Speaker
Description
Hepatic encephalopathy (HE) is a wide range of neuropsychiatric abnormalities resulted from impaired liver function. It is frequently observed in patients with chronic liver disease or cirrhosis. The present investigation aimed to assess social interaction, anxiety and social recognition memory in Wistar rats with chronic liver dysfunction induced by thioacetamide (TAA) administration. The liver function was assessed via histopathology and blood biochemical markers: ALT, AST, serum matrix metalloproteinases 3 and 9, tissue inhibitor of metalloproteinase 1 (TIMP-1) and procollagen III amino terminal peptide (P3NP). Our data showed elevated levels of ALT and AST and significant decrease of MMP3 and 9 in TAA-treated rats compared to controls. As well, we showed significant increase in serum TIMP-1 and P3NP in TAA-treated rats compared to control group. This was confirmed in histopathology in which we showed severe fibrosis in TAA treated rats. The behavioral assessment was performed using social interaction test (SIT) and social recognition memory (SRM) test and elevated plus maze test (EPM).
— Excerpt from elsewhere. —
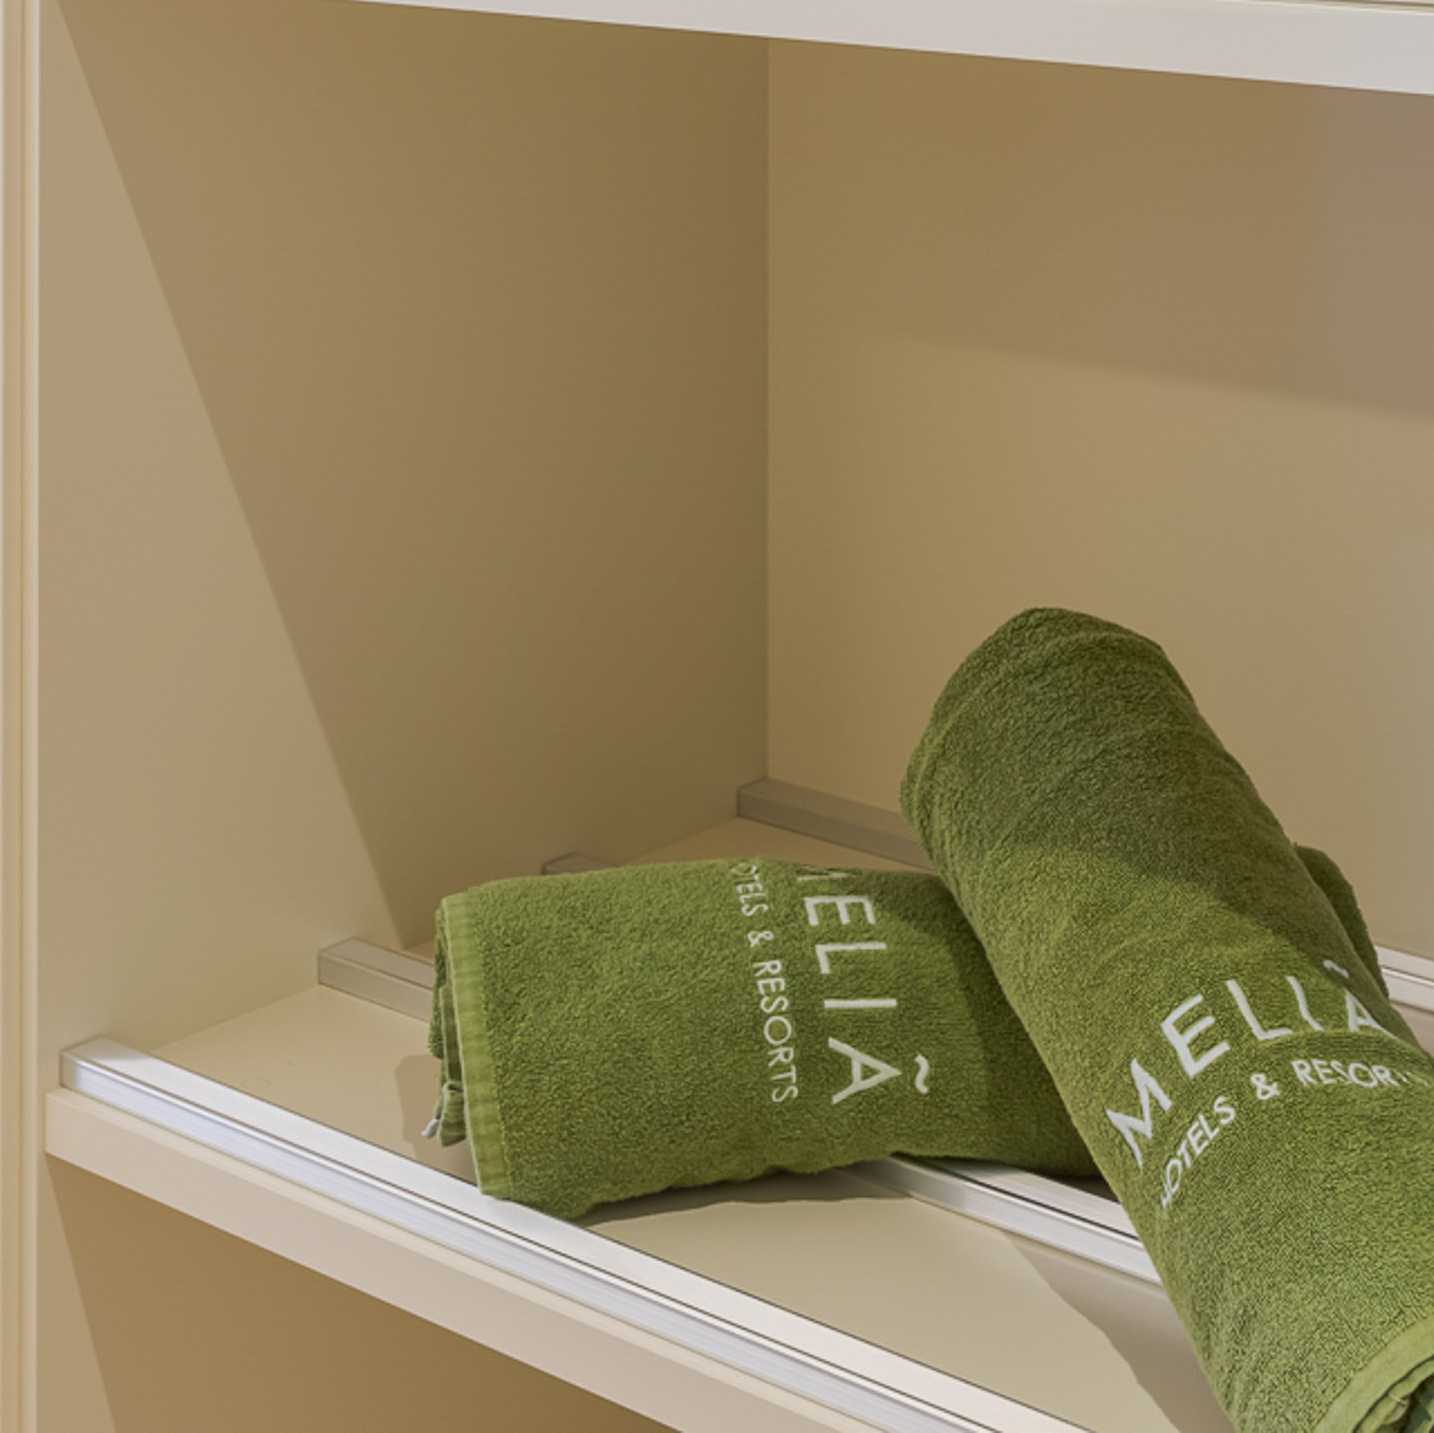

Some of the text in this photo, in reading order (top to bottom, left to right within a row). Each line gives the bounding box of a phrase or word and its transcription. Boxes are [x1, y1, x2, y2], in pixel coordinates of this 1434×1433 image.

[731, 863, 800, 1104] OTELS & RESORTS
[1250, 1073, 1280, 1100] &
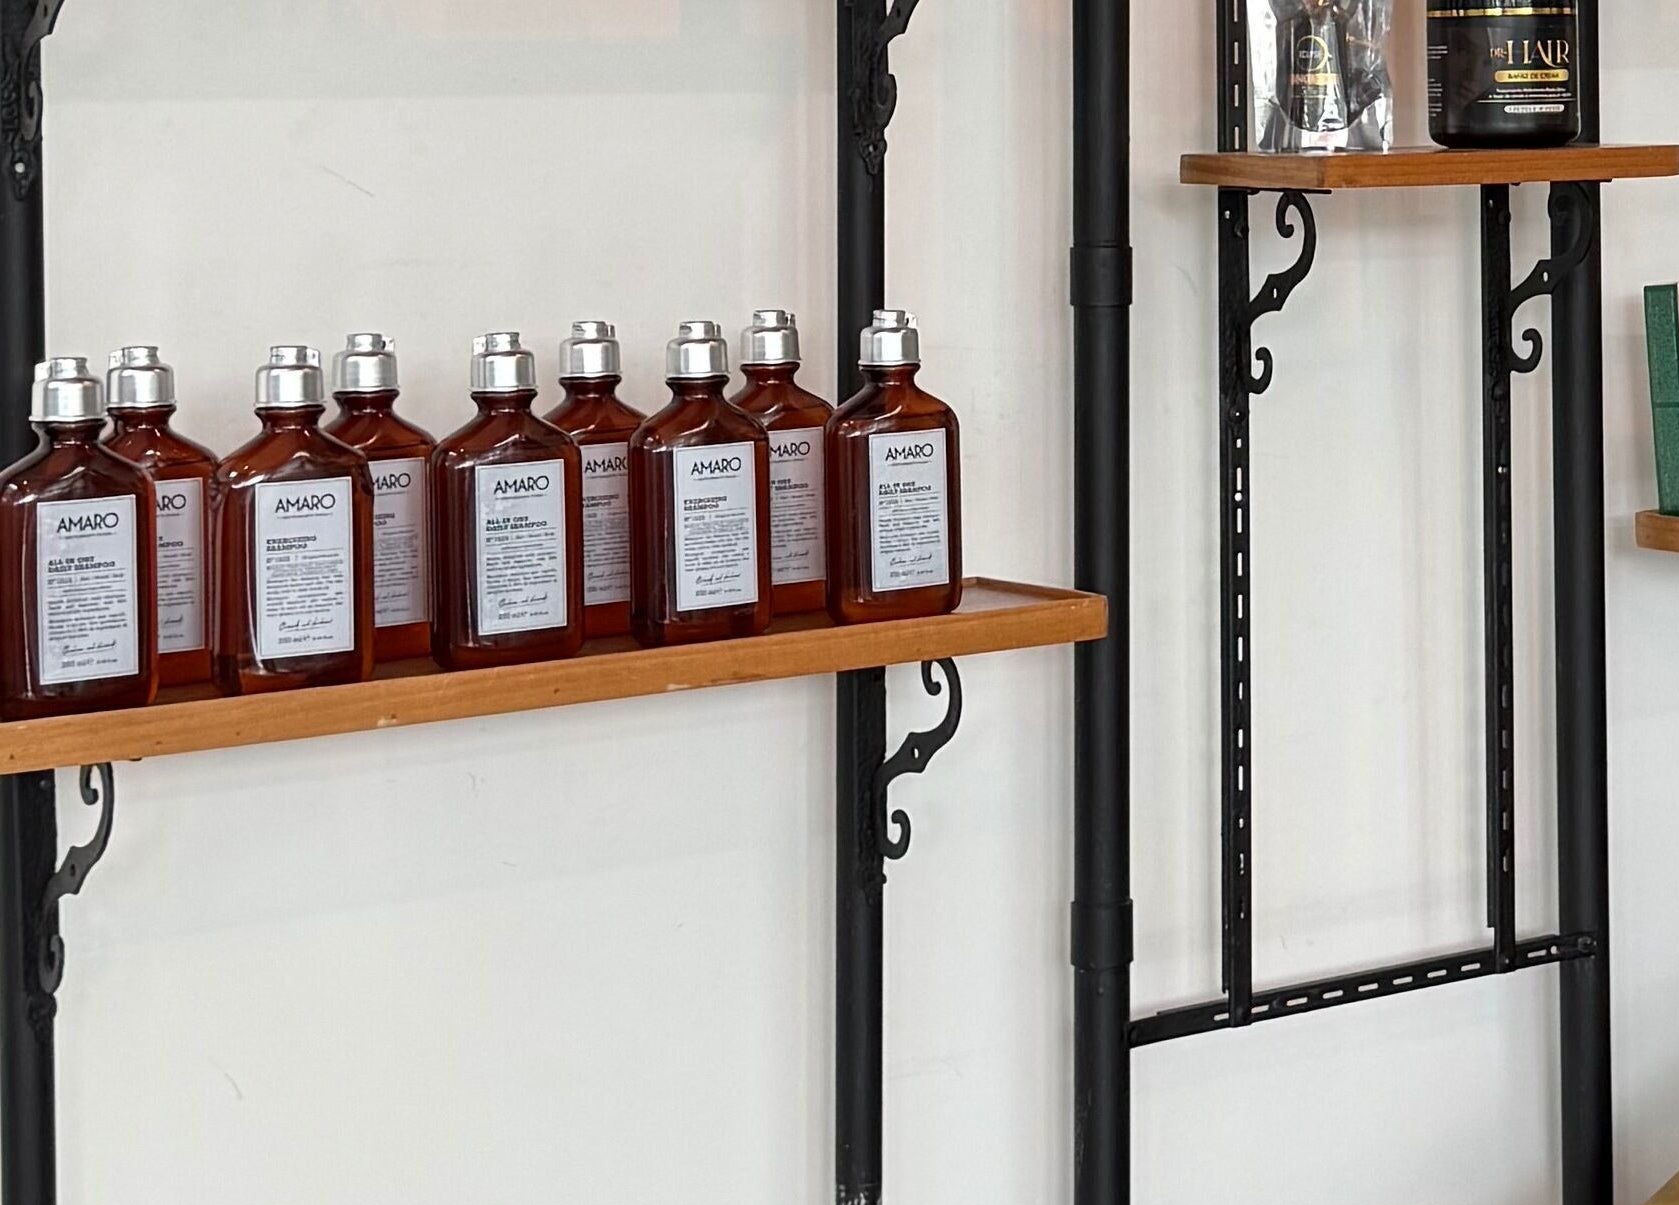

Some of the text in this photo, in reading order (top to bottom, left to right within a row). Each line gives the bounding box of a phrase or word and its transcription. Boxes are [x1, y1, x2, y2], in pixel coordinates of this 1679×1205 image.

Our results show decreased social interaction with increased non-social interaction times in the SIT, and impaired social recognition memory with elevated anxiety. These findings make a significant contribution to understanding the widespread decline in quality of life caused by HE. Consequently, the management of HE patients should include interventions and approaches aimed at addressing the reported alterations.
Keywords: Hepatic encephalopathy, biochemical analysis, histopathology, neuropsychiatric abnormalities, chronic liver disease, anxiety, social interaction, social recognition memory.